XP2 is on the first partition of HDD 1 and Linux is on first partition of HDD2.
GRUB is the boot loader.
Problem After the BIOS processing is completed, the PC successfully finds GRUB.
The issues a message "loading GRUB 1.5" it then takes as long to bring up the GRUB selection panel, as it does for a similar system, with dual booted XP systems, to completely load the primary XP system ready for work.
I could perhaps live with this if the selected system were up all day, but it is impractical for any development work when the system (either of them) needs to be rebooted occasionally.
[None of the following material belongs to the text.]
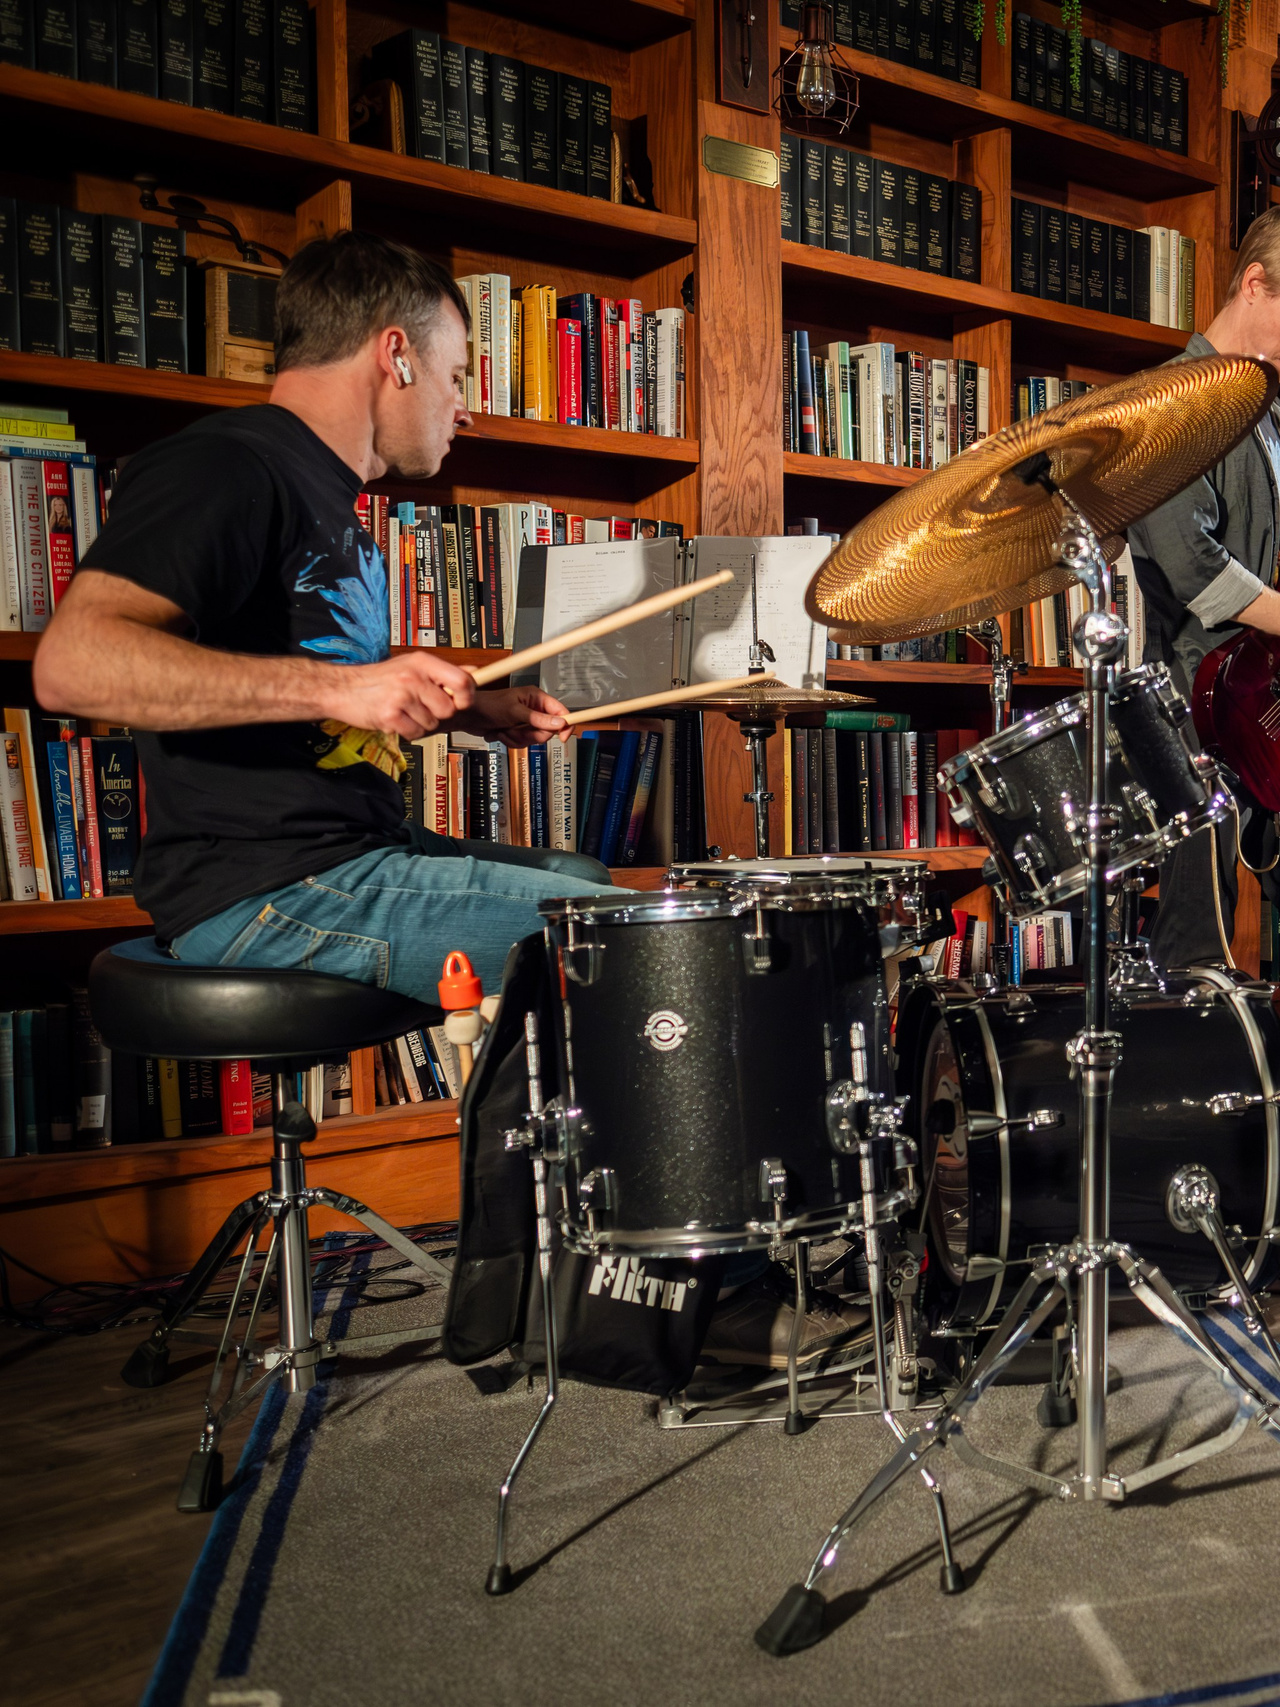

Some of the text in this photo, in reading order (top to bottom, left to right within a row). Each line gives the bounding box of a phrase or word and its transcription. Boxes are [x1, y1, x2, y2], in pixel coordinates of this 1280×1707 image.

Is there any way of knocking a minute or so off the GRUB 1.5 load time ?
I have a similar problem. GRUB doesn't take that long but since I managed to do suspend-resume, it significantly slowed down even when I don't suspend-resume just reboot or shutdown. Reinstalling GRUB didn't make any difference.
I haven't tried LILO yet though.
Quote:
Originally Posted by Red Kite
Update:
I discovered that I could easily install LILO in place of GRUB and it works fast ! I'll worry some more about GRUB when I have nothing else to do.
Sorry, posted too quick:
The reason for the slow down was that my /home partition was ext3 while my root partition was reiserfs. Changing the /home partition back to reiserfs, GRUB is quick again..
Quote:
Originally Posted by alma
I have a similar problem. GRUB doesn't take that long but since I managed to do suspend-resume, it significantly slowed down even when I don't suspend-resume just reboot or shutdown. Reinstalling GRUB didn't make any difference.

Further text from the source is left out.